I try to create mask of numpy.array based on list of tuples. Here is my solution that produces expected result:
import numpy as np
filter_vals = [(1, 1, 0), (0, 0, 1), (0, 1, 0)]
data = np.array([
[[0, 0, 0], [1, 1, 0], [1, 1, 1]],
[[1, 0, 0], [0, 1, 0], [0, 0, 1]],
[[1, 1, 0], [0, 1, 1], [1, 0, 1]],
])
mask = np.array([], dtype=bool)
for f_val in filter_vals:
if mask.size == 0:
mask = (data == f_val).all(-1)
else:
mask = mask | (data == f_val).all(-1)
Output/mask:
array([[False, True, False],
[False, True, True],
[ True, False, False]]
Problem is that with bigger data
array and increasing number of tuples in filter_vals
, it is getting slower.
It there any better solution?

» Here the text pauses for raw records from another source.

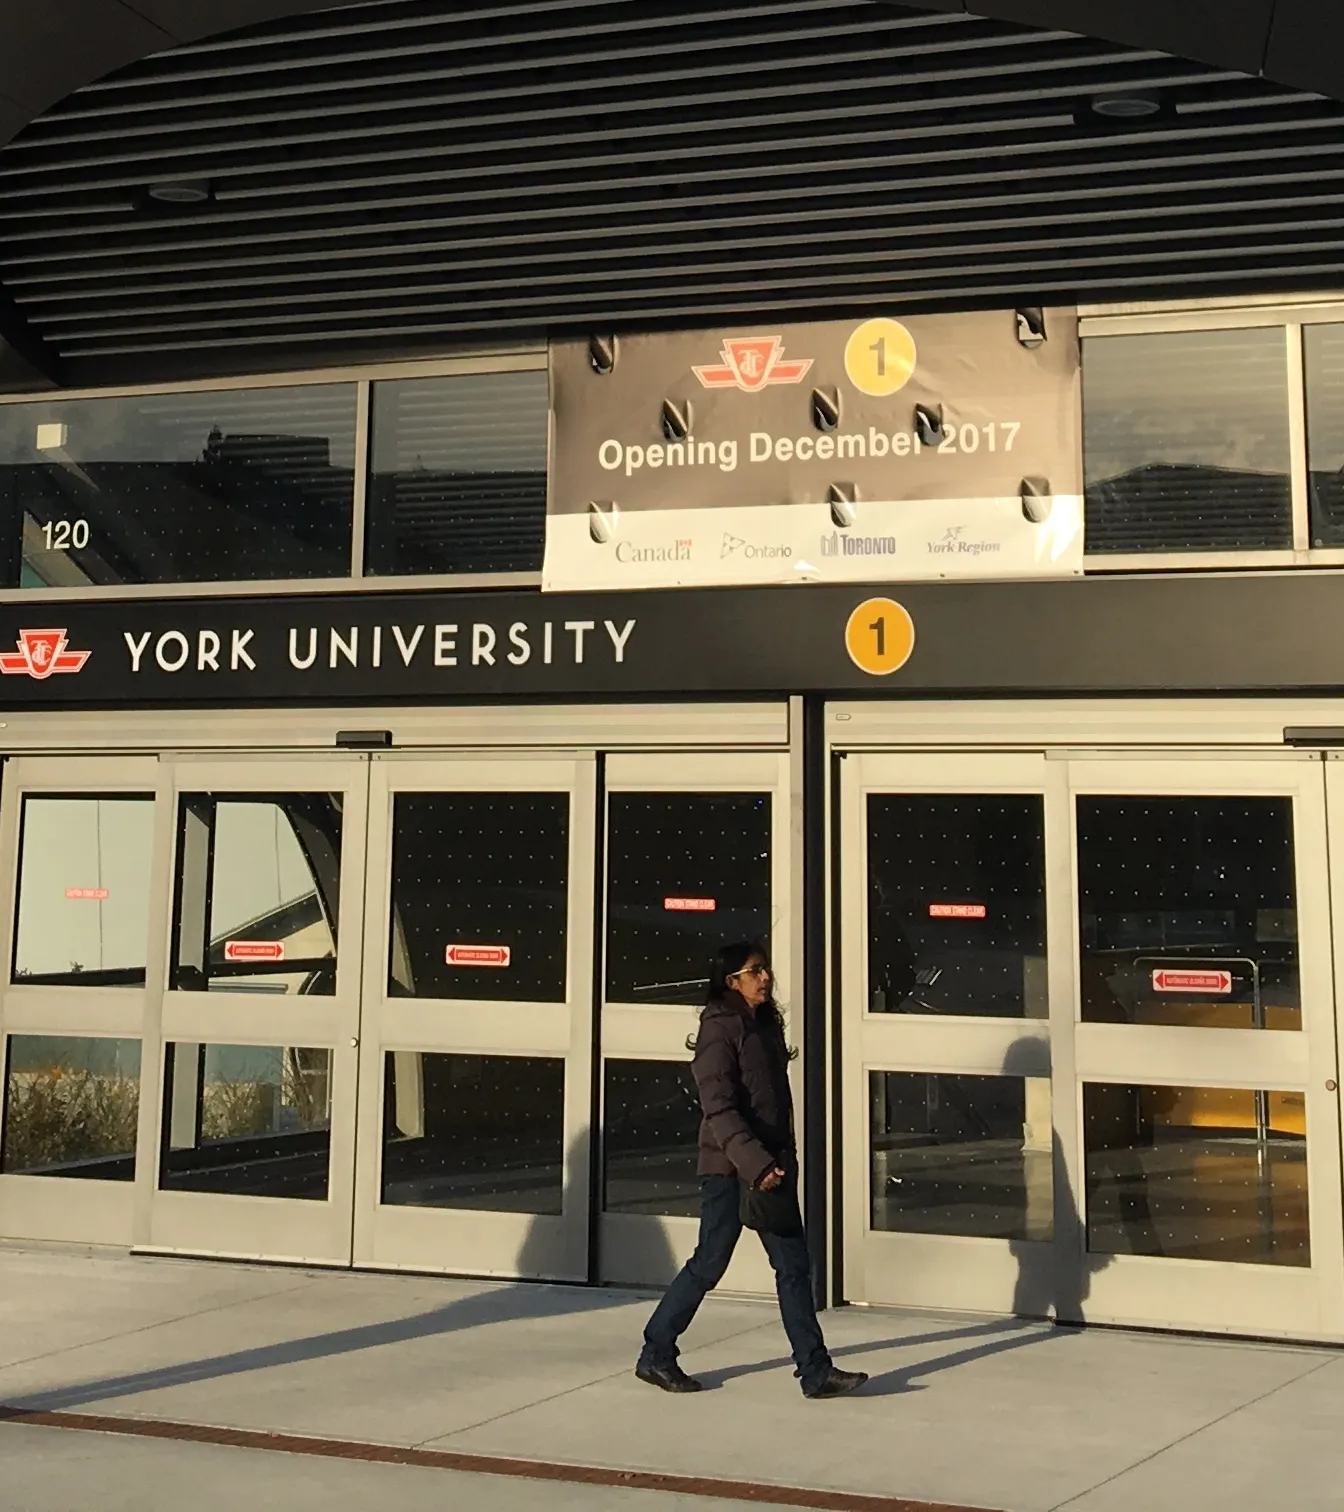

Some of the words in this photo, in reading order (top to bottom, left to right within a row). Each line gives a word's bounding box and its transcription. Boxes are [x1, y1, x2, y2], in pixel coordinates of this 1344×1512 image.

[868, 337, 886, 376] 1
[598, 435, 739, 477] Opening
[749, 426, 922, 462] December
[936, 421, 1022, 454] 2017
[41, 519, 90, 550] 120
[840, 533, 897, 556] TORONTO
[925, 540, 955, 555] York
[957, 539, 1002, 557] Region
[614, 539, 692, 563] Canada
[744, 544, 793, 559] Ontario
[123, 628, 257, 672] YORK
[288, 619, 637, 671] UNIVERSITY
[868, 616, 885, 656] 1

I tried to use np.isin(data, filter_vals)
, but it does not provide result I need.
CodePudding user response:
A classical approach using broadcasting would be:
*A, B = data.shape
(data.reshape((-1,B)) == np.array(filter_vals)[:,None]).all(-1).any(0).reshape(A)
This will however be memory expensive. So applicability really depends on your use case.
output:
array([[False, True, False],
[False, True, True],
[ True, False, False]])